BWW Review: Steven Levenson's Charming and Funny DAYS OF RAGE Takes a Sentimental Look at Young '60s Activists
Mike Faist and Tavi Gevinson
(Photo: Joan Marcus)

Meanwhile, a white radical leftist handing out leaflets about the disproportionate number of young men of color being drafted to die in the Vietnam War tells the nice and attractive black fellow who seems interested in her, "I'm a racist... I mean, everyone in this country is a racist. But I am too. I acknowledge that."

Though the early scenes of Steven Levenson's charming and funny Days of Rage cut a sharp satirical edge, the author and director Trip Cullman ensure that there's also great deal of sympathetic warmth in this story of young, clumsily progressing white activists whose role models are The Black Panthers and who occasionally equate being good allies with the willingness to admit self-loathing.

But under the laughs and the political tension is a sweet coming of age story of young people trying to find their places in a world they want so desperately to make better for everyone.

The title comes from an actual event; three days of anti-war protests held in Chicago, 1969, put together by Students For A Democratic Society, a national organization advocating non-violent civil disobedience. Unfortunately, a more violent faction of the event, backed by the militant Weather Underground movement drew enough attention to scare off many of the expected 25,000 peaceful protesters, leaving those remaining outnumbered by awaiting Chicago police officers who were prepared to put down a riot.

Levenson's story takes place in an upstate New York college town where three young twentysomethings, the kind who regard liberal Democrats as leaning too far to the right, live as a collective in a worse-for-wear two-level house (terrific set by designer Louisa Thompson) with protest signs strewn about and a Viet Cong flag hanging in the living room.

Spence (Mike Faist) used to be in a romantic relationship with Jenny (Lauren Patten) and still regard themselves as best friends. Lately, Spence has been sleeping with Quinn (Odessa Young), but monogamy is frowned upon under their roof and everyone is free to have consensual sex with whomever they life.

House decisions are made by votes, but aside from that, and the continual need to come up with money to pay the bills, the living is pretty mellow. Things were different when two other members, Jeff and Richard, led humiliation exercises to keep everyone in line, set up schedules assigning who was sleeping with who and tried convincing the other three to join them in targeted acts of violent resistance. But they snuck out one night, taking the group's only car with them.

Spence meets runaway Peggy (Tavi Gevinson), who has been sleeping in the bus station and is willing to express support for any radical cause if it means having a safe place to stay.
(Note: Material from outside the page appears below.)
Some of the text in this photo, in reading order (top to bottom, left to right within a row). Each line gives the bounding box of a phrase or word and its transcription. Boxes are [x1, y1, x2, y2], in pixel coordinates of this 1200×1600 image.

When her attempt to show dedication to the anti-war cause doesn't convince Spence, her willingness to give him a stash of money for rent does.

BWW Review: Steven Levenson's Charming and Funny DAYS OF RAGE Takes a Sentimental Look at Young '60s Activists
J. Alphonse Nicholson, Odessa Young and Mike Faist
(Photo: Joan Marcus)

Though the soft-spoken newcomer shows signs of a naïve, pampered background at first ("She thought Chairman Mao was a cartoon character!") some of the play's funniest moments come when Peggy starts learning the lingo and attitudes of the revolution and Gevinson hilariously begins barking out orders and displaying survival tactics.
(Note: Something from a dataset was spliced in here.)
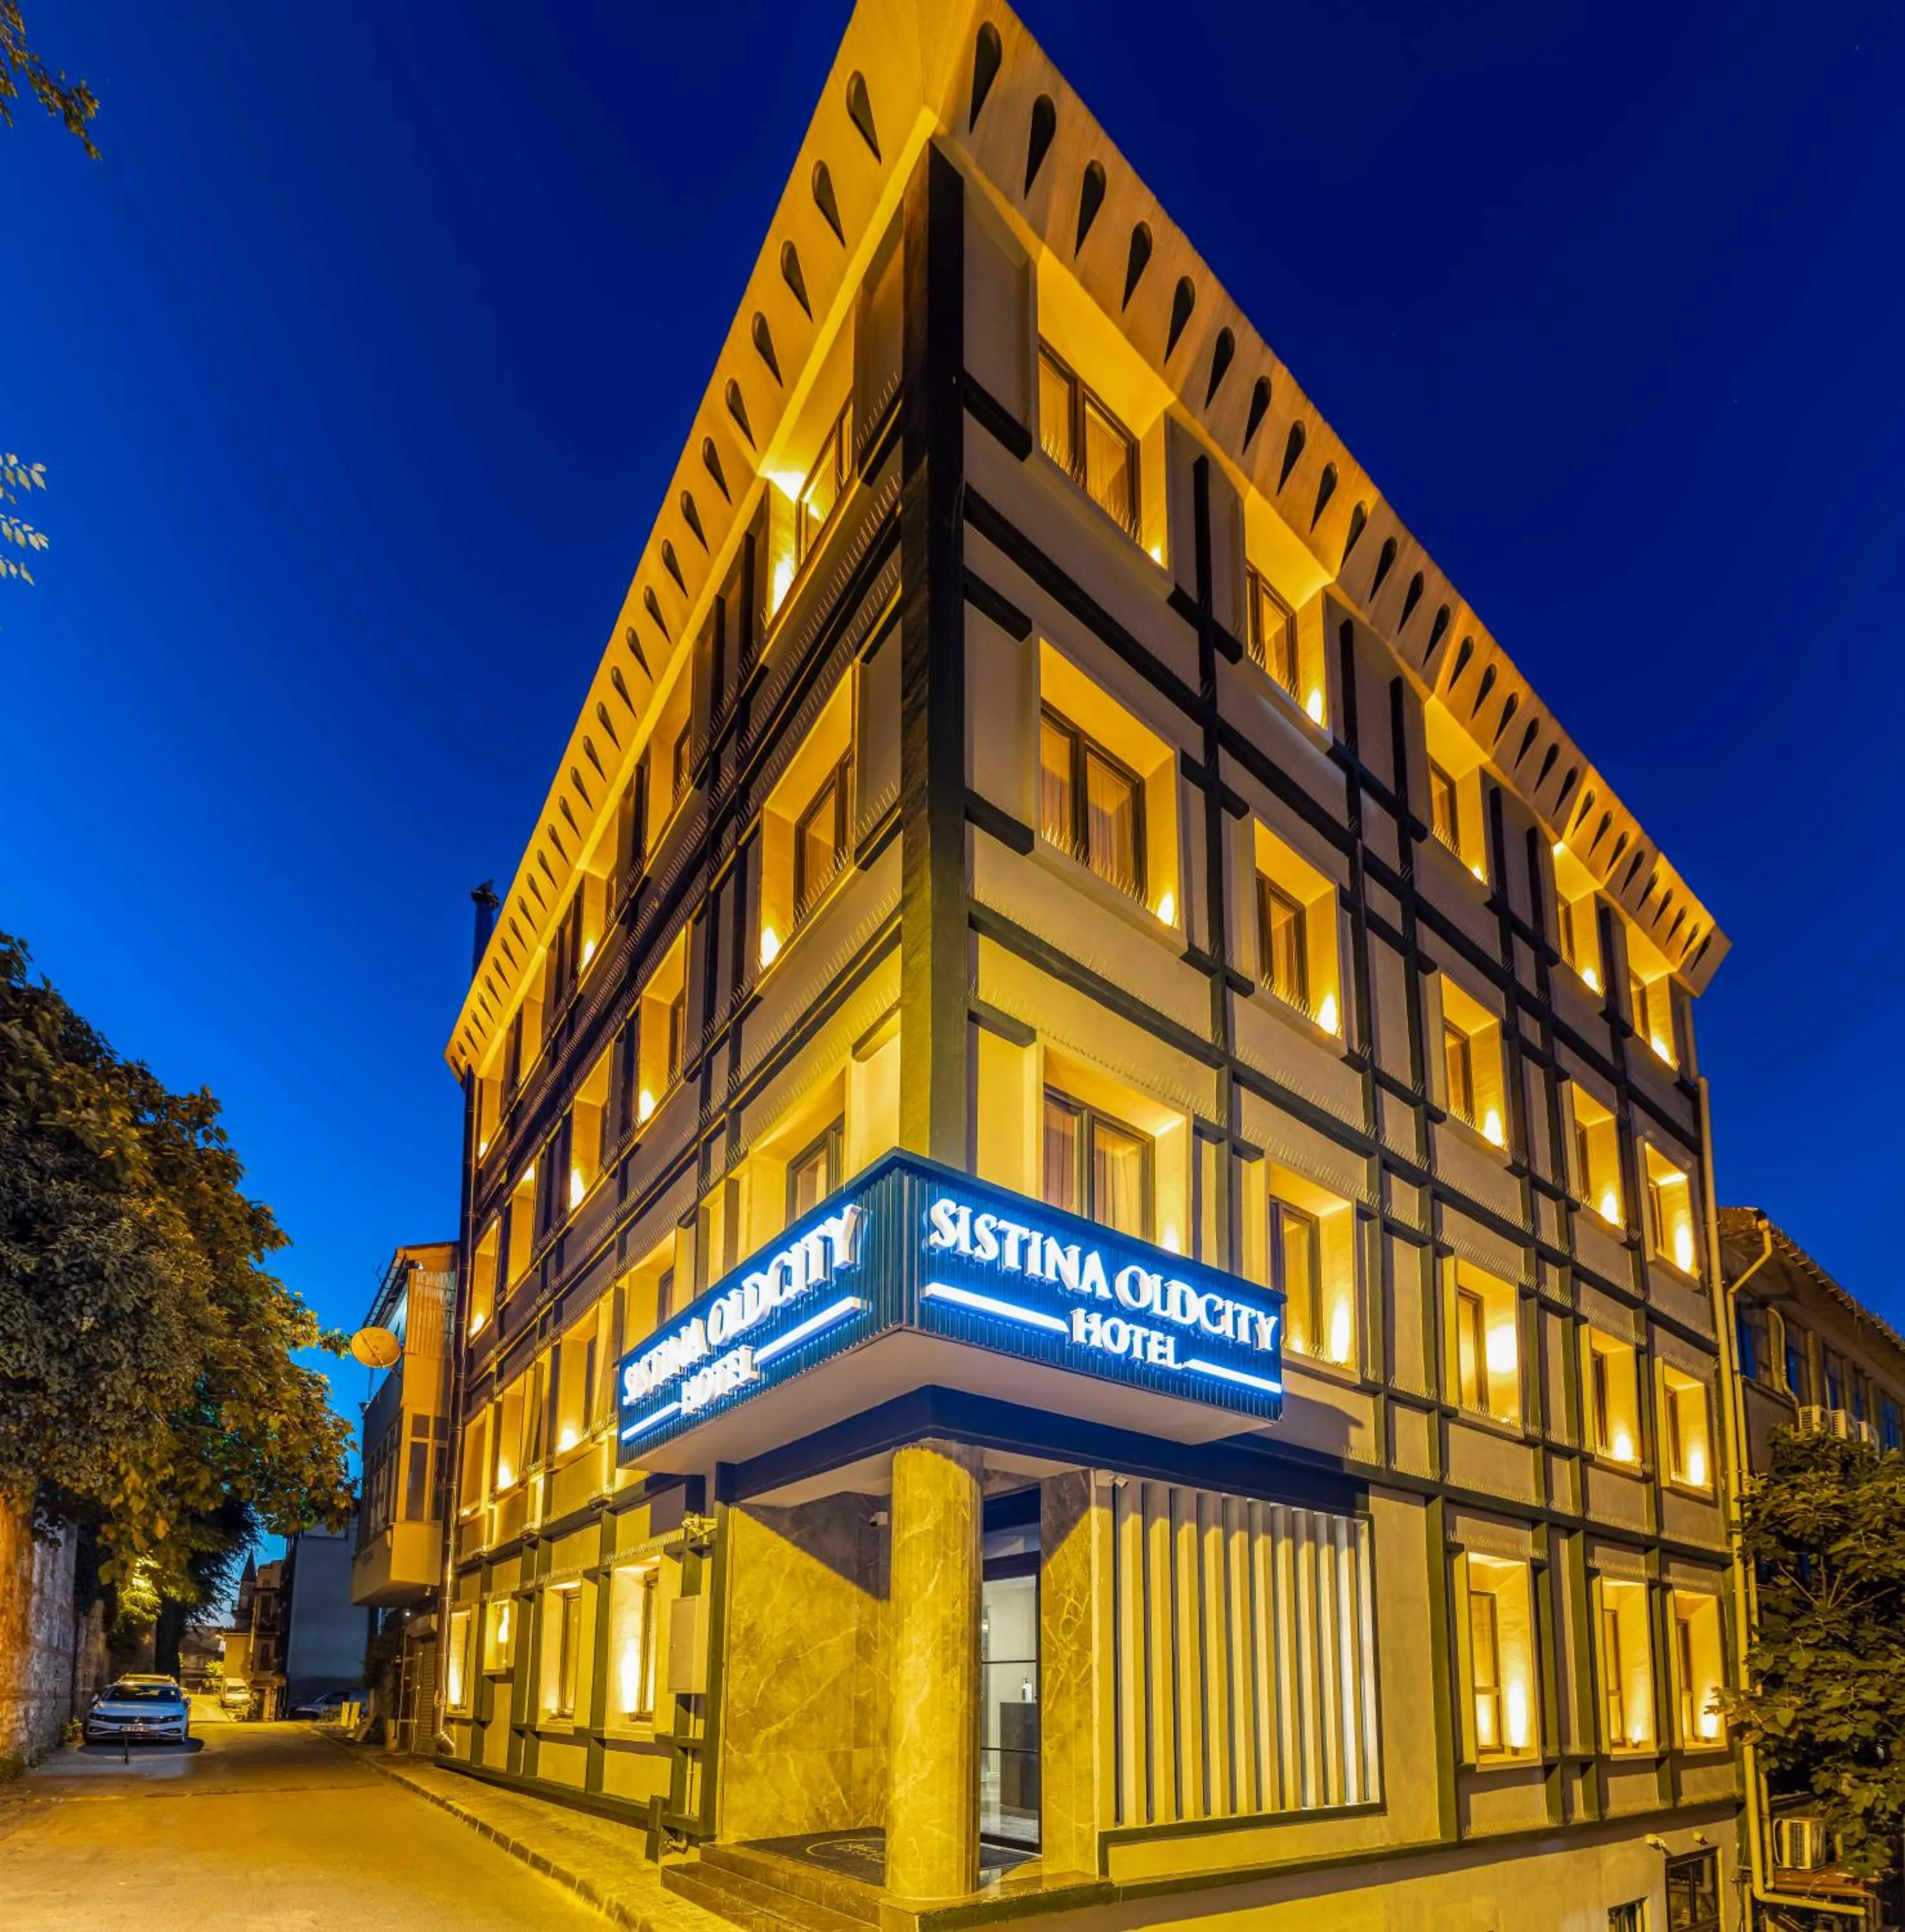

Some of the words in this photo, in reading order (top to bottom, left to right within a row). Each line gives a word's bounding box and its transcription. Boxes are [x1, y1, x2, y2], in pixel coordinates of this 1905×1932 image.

Jenny has begun dating Hal (J. Alphonse Nicholson), who she met while distributing leaflets. Of African-American descent, Hal is against the Vietnam War ("I voted for Humphrey.") but he supports his younger brother, who volunteered to serve in the army. He also shows a lot of patience when Spence tries to explain institutionalized racism to him.

"Look at your brother. Here's a black man being used by white men to kill yellow men. I hope he realizes that."

"I'll let him know."

Things get serious when word gets out that Jeff and Richard were involved in a violent incident and the housemates start noticing evidence that they're being followed and watched.

An epilogue reveals the details of what happened in Chicago and how the characters turned out later in life. One sums up these radical days as part of "the excesses of youth." The kids of Days of Rage didn't succeed in changing the world for the better. But they fought for the good cause as best they could, and in doing so perhaps changed themselves for the better.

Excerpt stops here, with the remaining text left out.